L'UE mobilise 3,5 milliards d'euros pour faire émerger 10 super géants de la tech d'ici à 2030

En clôture d'un événement de deux jours sur la souveraineté numérique de l'Europe, le ministre de l'Economie, Bruno Le Maire, a annoncé la mobilisation de 3,5 milliards d'euros d'argent public, dont 1,5 milliard par la France. Cet argent sera dépensé "en fonds de fonds" dans des fonds d'investissements européens, pour leur permettre d'atteindre une taille critique et financer de tours de table de plusieurs centaines de millions d'euros chacun. En ligne de mire : générer dix super-géants de la tech à l'horizon 2030, chacun valorisés plus de 100 milliards d'euros.
Sylvain Rolland
(Crédits : DR)

Pour que l'Europe gagne sa souveraineté numérique, Bruno Le Maire n'a qu'une solution : "amorcer la pompe du financement". En conclusion de l'événement de deux jours organisé à Bercy sur la souveraineté numérique européenne, le ministre français de l'Economie et des Finances a annoncé un investissement massif de 3,5 milliards d'euros dans les startups européennes dans le cadre de l'initiative Scale-Up Europe, lancée l'an dernier par la France et l'Allemagne. L'argent va alimenter, "en fonds de fonds", les fonds de capital-investissement européens, aujourd'hui sous-dimensionnés pour financer eux-mêmes les méga-levées de fonds de plusieurs centaines de millions d'euros qui font les décacornes (startups valorisés plus de dix milliards d'euros, Ndlr).

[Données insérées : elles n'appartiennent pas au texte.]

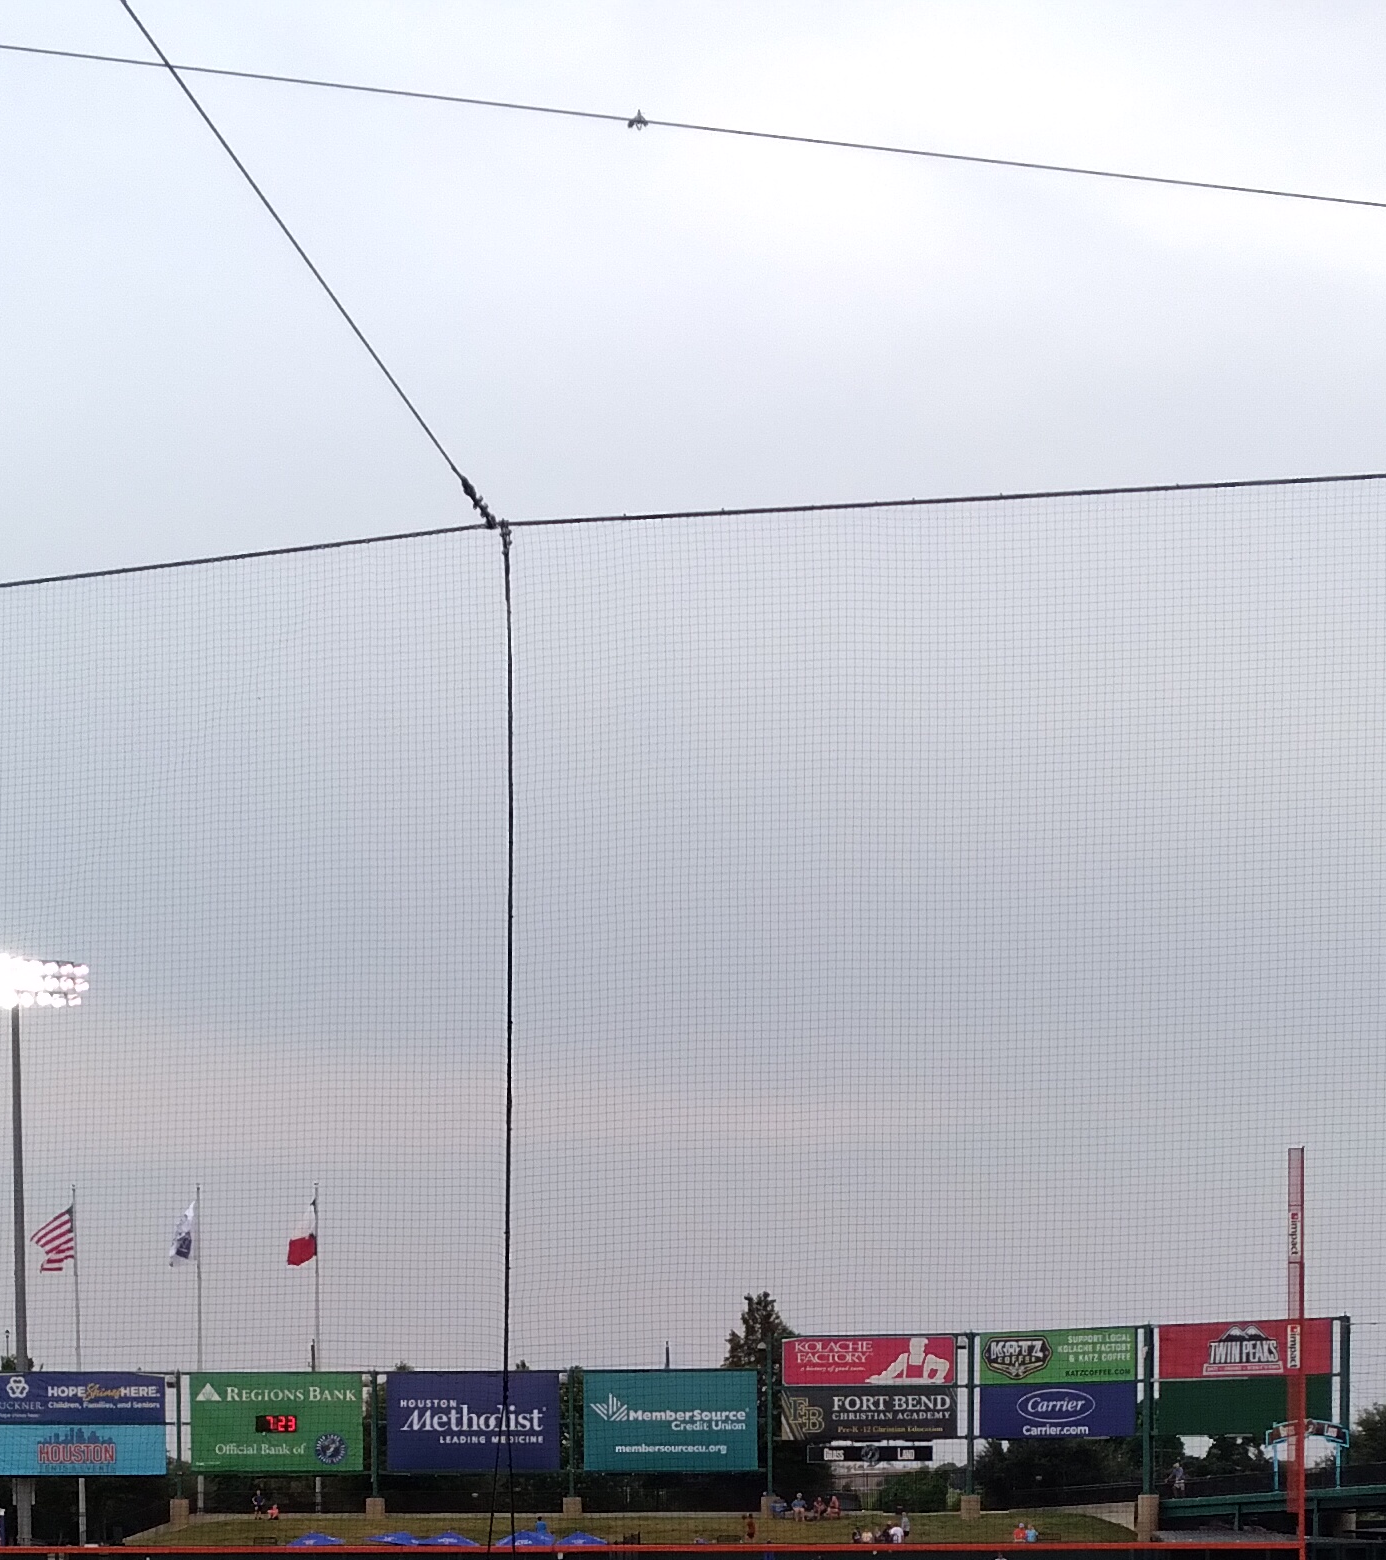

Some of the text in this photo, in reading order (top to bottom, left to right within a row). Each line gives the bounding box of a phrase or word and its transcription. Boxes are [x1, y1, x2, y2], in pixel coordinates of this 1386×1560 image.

[1068, 1334, 1131, 1343] SUPPORT LOCAL
[795, 1341, 872, 1352] KOLACHE
[991, 1341, 1043, 1358] KATZ
[1210, 1340, 1280, 1364] TWIN PEAKS
[1288, 1332, 1300, 1368] impact
[797, 1352, 868, 1363] FACTORY
[998, 1356, 1036, 1364] COFFEE
[1078, 1354, 1098, 1362] KATZ
[48, 1386, 160, 1397] HOPE HERE.
[226, 1386, 356, 1401] REGIONS BANK
[48, 1402, 82, 1410] Children,
[400, 1400, 457, 1408] HOUSTON
[832, 1395, 950, 1410] FORT BEND
[1028, 1396, 1085, 1412] Carrier
[400, 1405, 544, 1431] Methodist
[629, 1410, 746, 1420] MemberSource
[832, 1412, 950, 1420] CHRISTIAN ACADEMY
[266, 1416, 296, 1432] 7:23
[671, 1420, 746, 1430] Credit Union
[1023, 1424, 1088, 1436] Carrier.com
[38, 1444, 116, 1464] HOUSTON
[215, 1443, 306, 1455] Official Bank of
[616, 1444, 727, 1454] membersourcecu.org
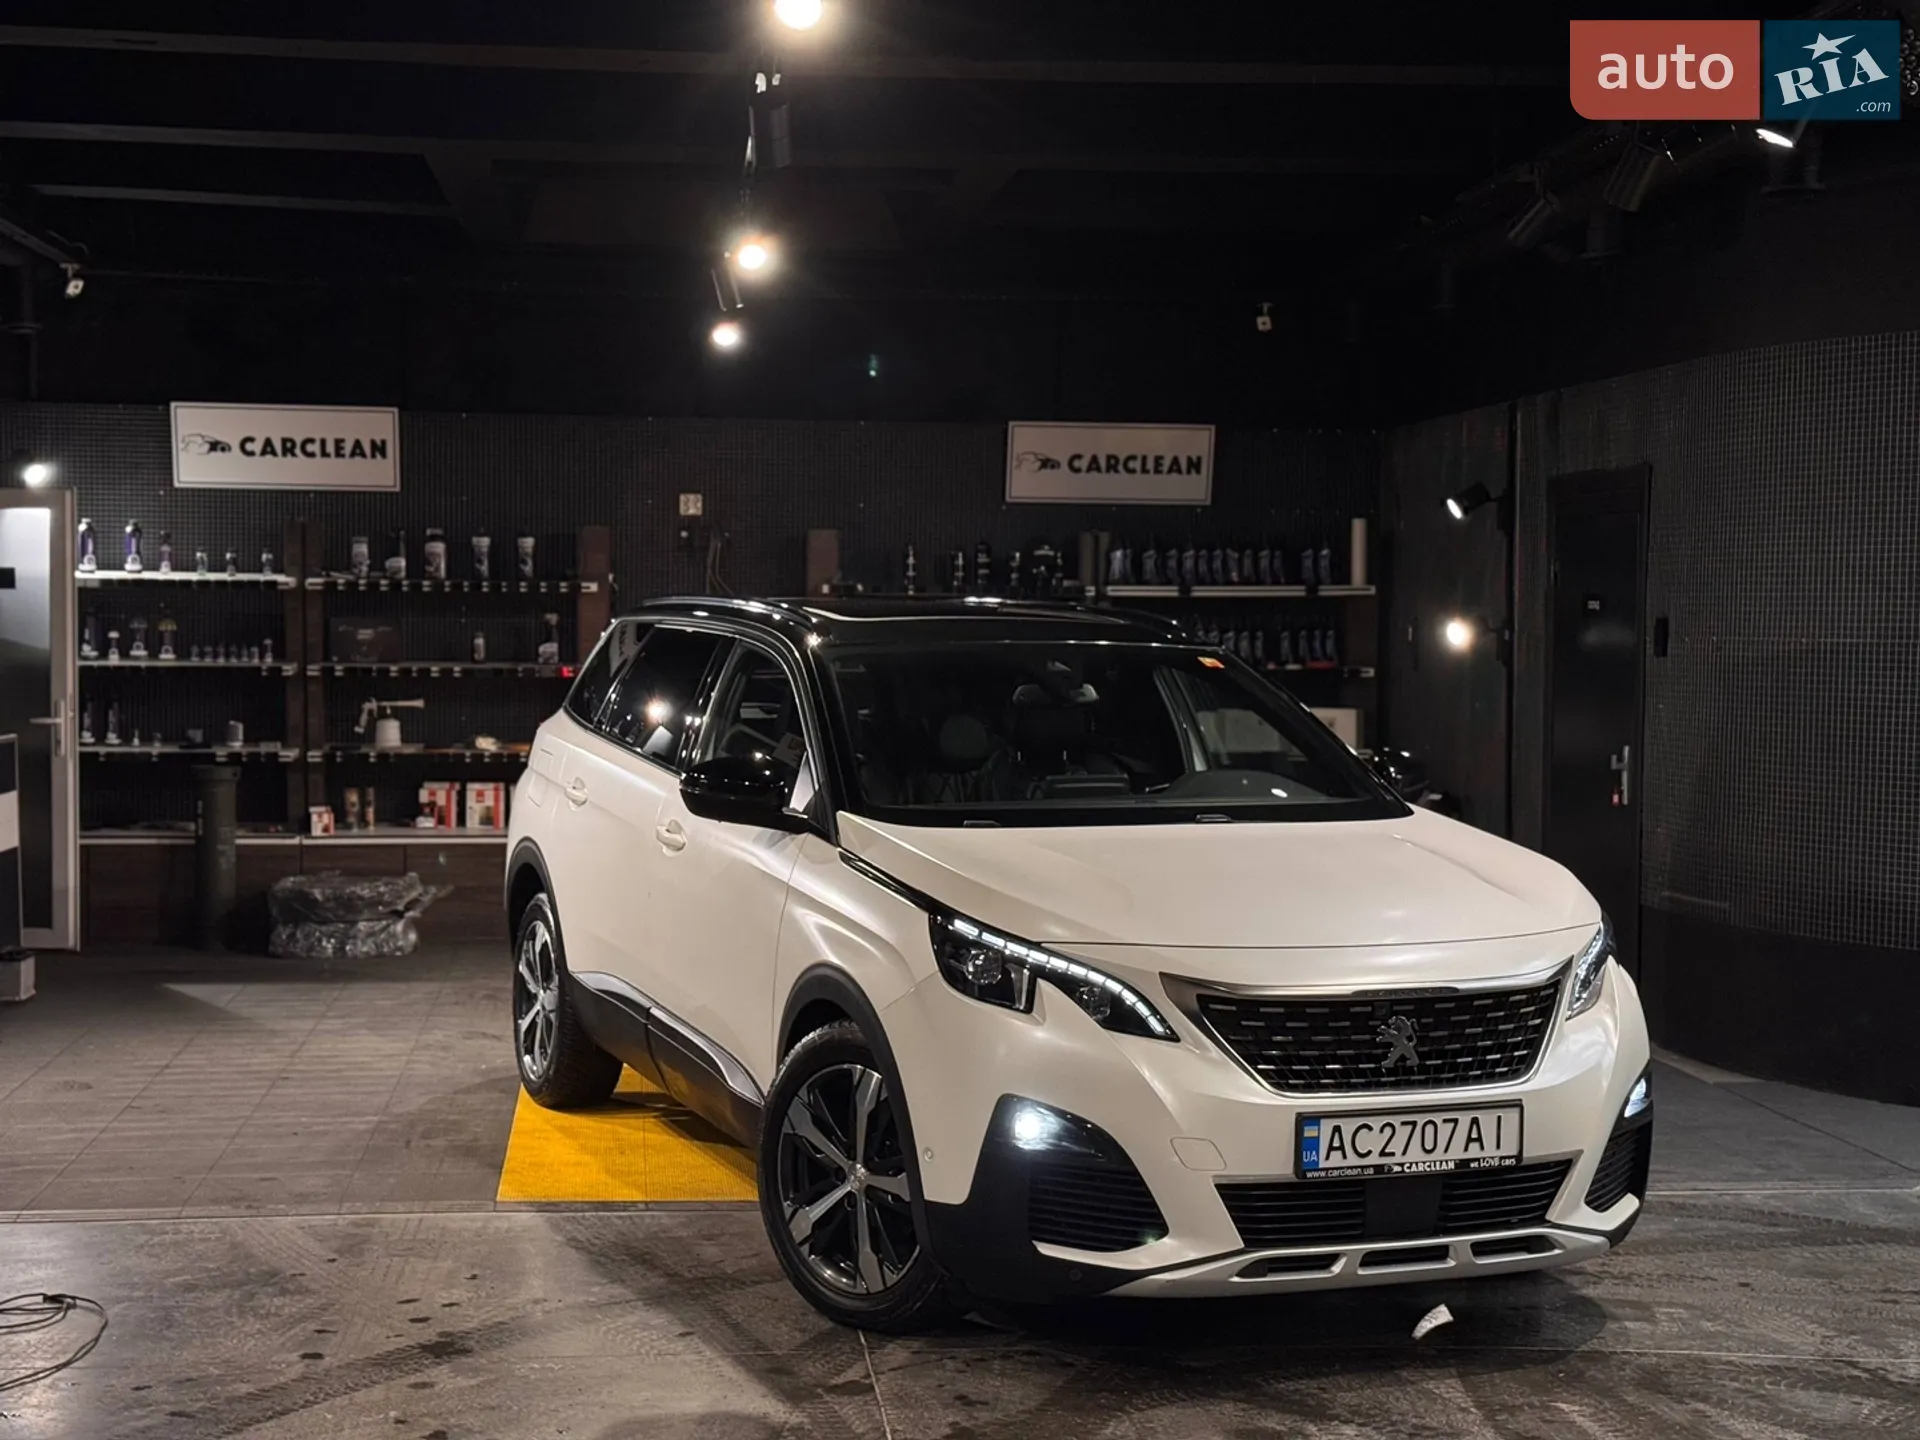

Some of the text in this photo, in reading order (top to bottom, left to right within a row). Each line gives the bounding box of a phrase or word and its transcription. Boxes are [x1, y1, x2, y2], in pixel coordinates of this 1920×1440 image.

[239, 436, 388, 459] CARCLEAN
[1067, 454, 1202, 475] CARCLEAN
[1303, 1150, 1318, 1163] UA
[1305, 1166, 1375, 1179] www.carclean.ua

"Il nous faut passer de 2 à 10, voire 20, fonds européens capables d'investir 1 milliard d'euros chacun dans les entreprises de la tech européenne, qui créeront grâce à cet argent la prospérité et les emplois dont nous avons besoin", a expliqué Bruno Le Maire.

Et de poursuivre : "Ces fonds nous permettront d'avoir dix super-géants de la tech valorisés 100 milliards d'euros d'ici à 2030", veut-il croire. Autrement dit, pour atteindre cet objectif fixé par Emmanuel Macron en septembre dernier, Bruno Le Maire actionne le levier européen, "seul véritable échelon pour rivaliser et dépasser les Etats-Unis et la Chine". Pour le ministre de l'Economie, "il n'y a pas de souveraineté politique sans souveraineté économique". Alors, il faut "investir massivement dans les startups et notamment dans les technologies de rupture" pour espérer créer en Europe des géants du niveau des Gafam américains (Google, Apple, Facebook, Amazon, Microsoft) et des Batx chinois (Baidu,Alibaba,Tencent, Xiaomi).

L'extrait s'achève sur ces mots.